Chicago, IL-A man wearing newly minted luxury workout gear, a visor and athletic shades was seen absolutely giving it to an elliptical machine late last Thursday. He remained on the machine for hours as onlookers stared on in horror at the flailing mass of limbs, his legs moving so quickly at times that they slipped from the idiotic looking foot holders of the elliptical, which was set at a zero resistance setting. His agonized face searching for absolutely anyone to make eye contact with. So that he could, without bothersome words, express juts how hard he was giving it to that elliptical machine.

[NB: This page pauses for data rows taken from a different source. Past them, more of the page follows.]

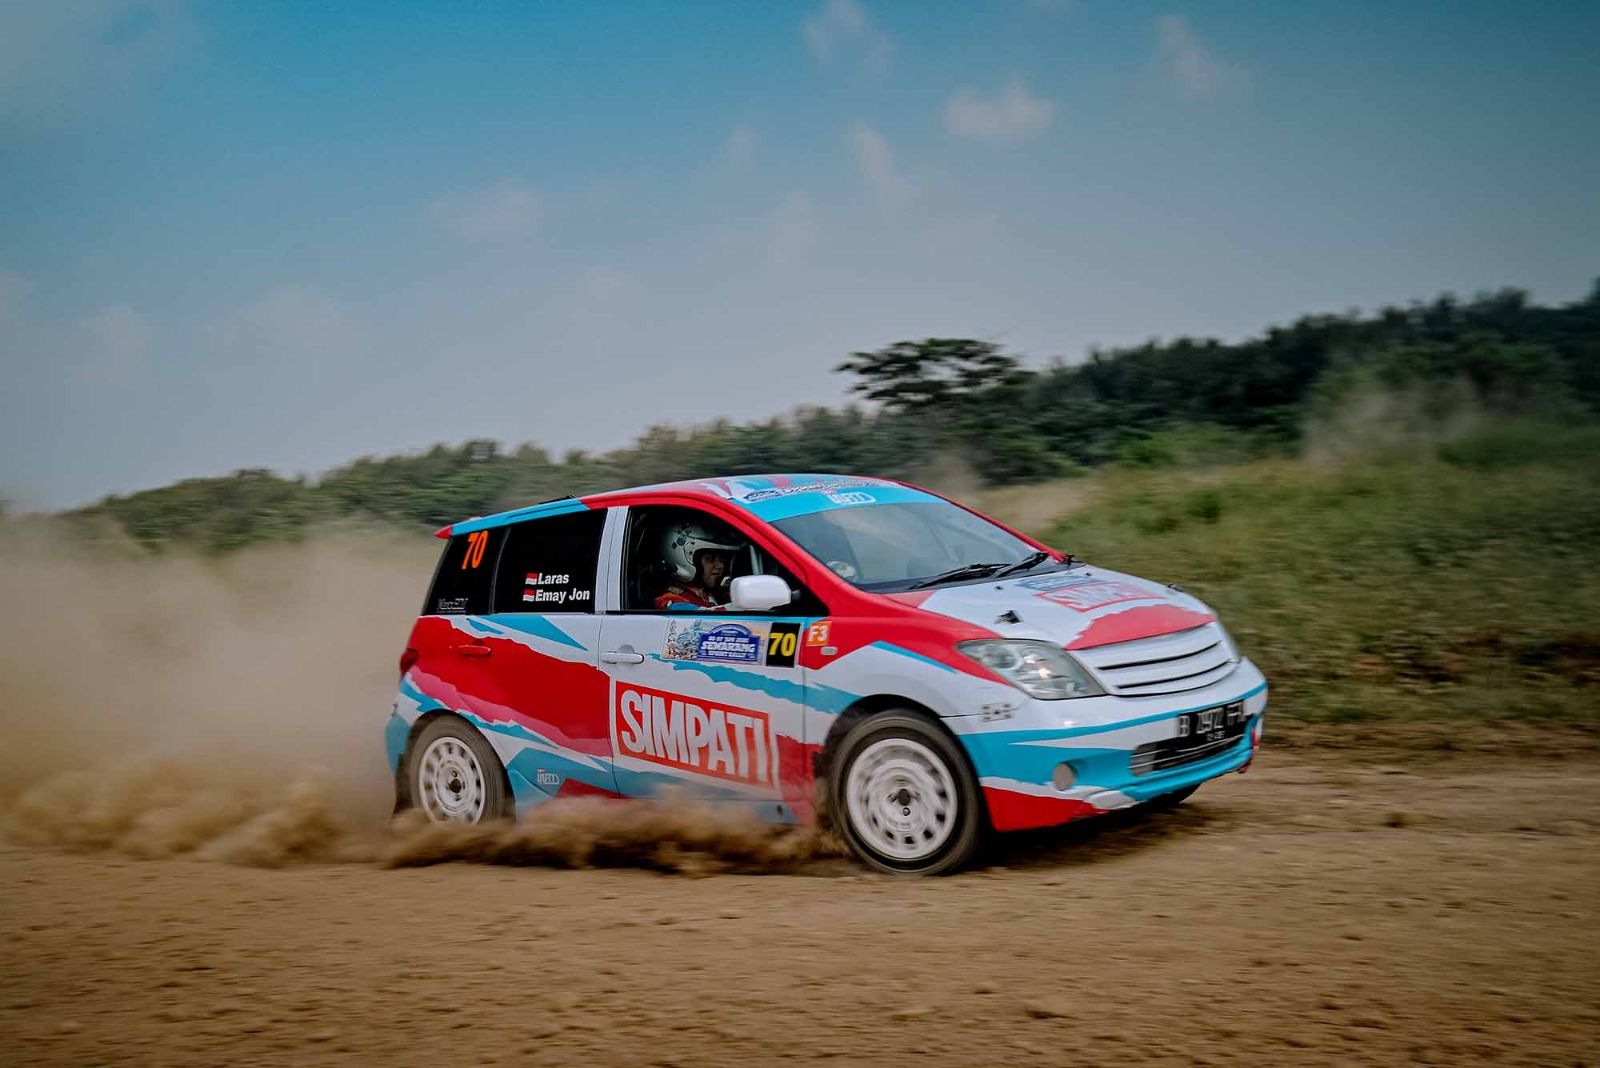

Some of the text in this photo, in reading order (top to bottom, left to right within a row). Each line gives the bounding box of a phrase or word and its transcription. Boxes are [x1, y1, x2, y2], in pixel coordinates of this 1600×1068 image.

[461, 530, 489, 569] 70
[537, 573, 569, 585] Laras
[535, 588, 590, 604] Emay Jon
[808, 625, 829, 641] F3
[701, 641, 756, 653] SEMARANG
[769, 633, 797, 657] 70
[621, 689, 769, 783] SIMPATI

Sweat poured down as the man performed classic elliptical tricks like stopping and going in reverse and standing on one foot while using only his arms to propel himself, all universally understood to be completely ineffective at actually burning calories. All designed to look as frisky as humanely possible.

The neon yellow tank top, oversized Beats by Dre wireless headphones and long tights underneath running shorts all contributed to the intensity of fitness illusion, as each horribly executed revolution of the elliptical inched his knee closer to a career ending blowout. As he finally climbed off the machine that he had driven into the ground for the last two and a half hours, he looked back in satisfaction, neglecting to wipe the pool of sweat that had gathered on the monitor.

58 calories burned in two and a half hours, time well spent under the fluorescent lights of an XSPORT Fitness.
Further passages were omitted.